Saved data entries
------------------------------------------------------------

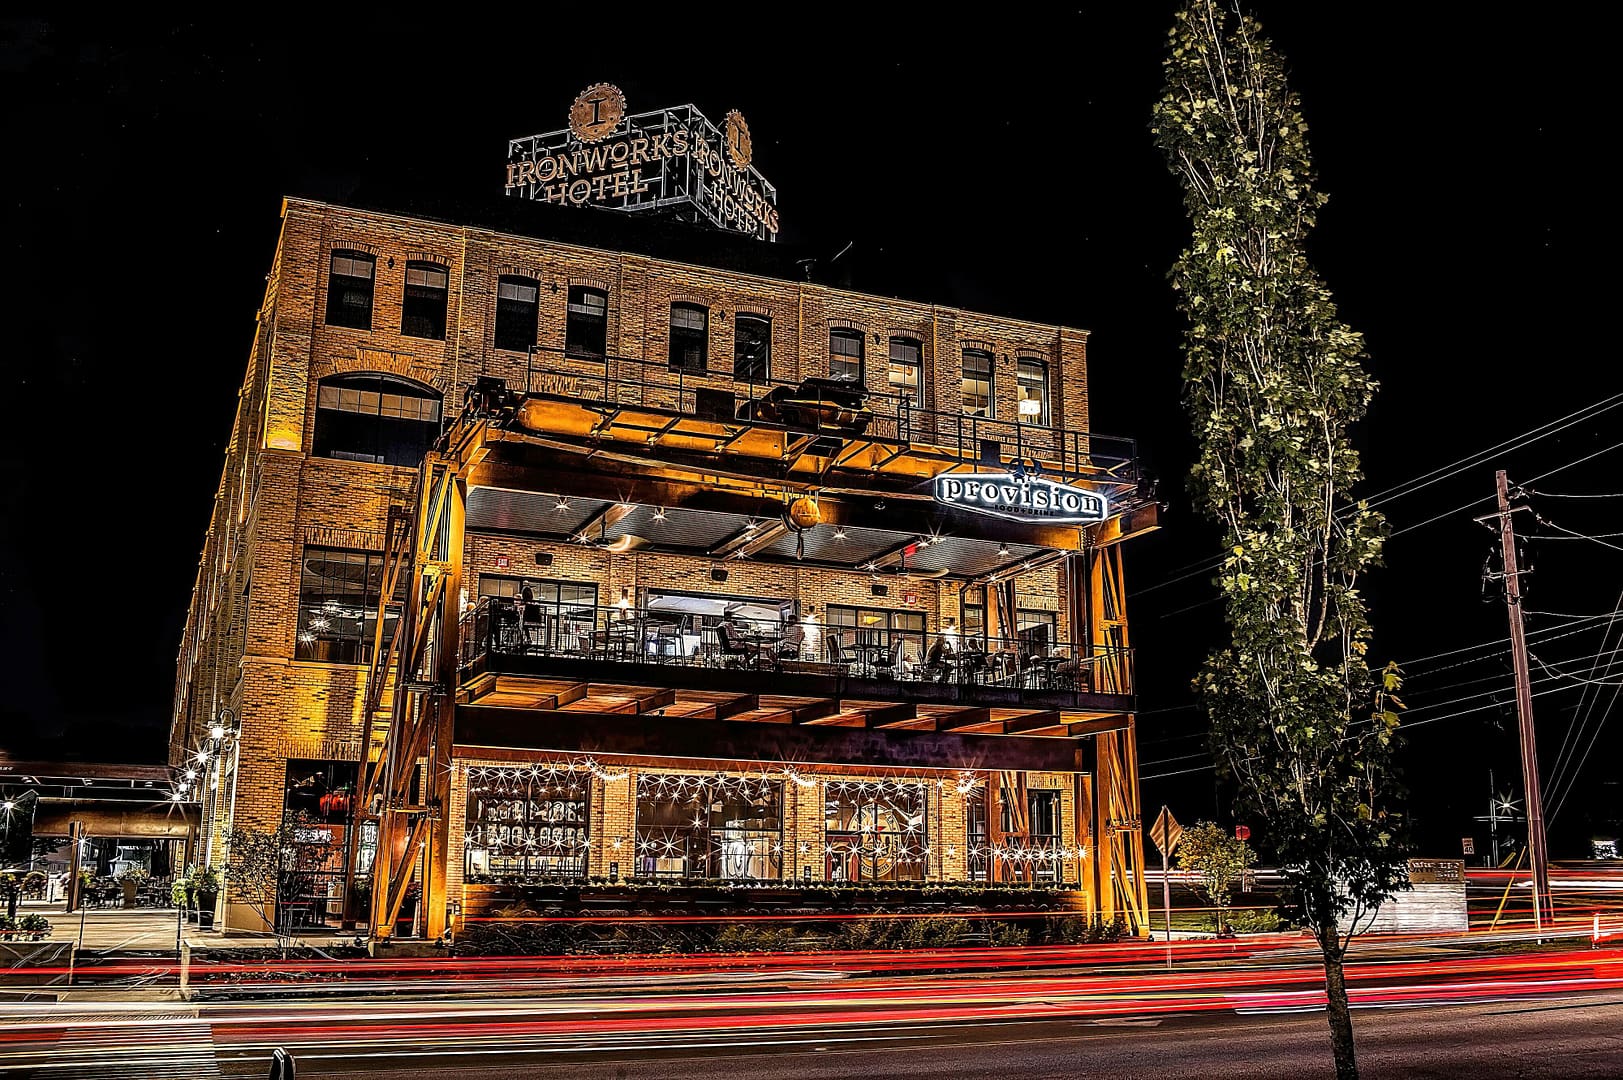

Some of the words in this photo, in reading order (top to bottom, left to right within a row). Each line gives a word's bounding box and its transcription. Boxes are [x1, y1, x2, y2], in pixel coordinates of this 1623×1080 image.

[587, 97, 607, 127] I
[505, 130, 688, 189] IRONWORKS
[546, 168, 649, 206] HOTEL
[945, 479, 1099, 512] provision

------------------------------------------------------------

(Work instruction) Print the data word for word and omit the pictures.

(Exercise answer)
Some of the words in this photo, in reading order (top to bottom, left to right within a row). Each line gives a word's bounding box and its transcription. Boxes are [x1, y1, x2, y2], in pixel coordinates of this 1623×1080 image.

[587, 97, 607, 127] I
[505, 130, 688, 189] IRONWORKS
[546, 168, 649, 206] HOTEL
[945, 479, 1099, 512] provision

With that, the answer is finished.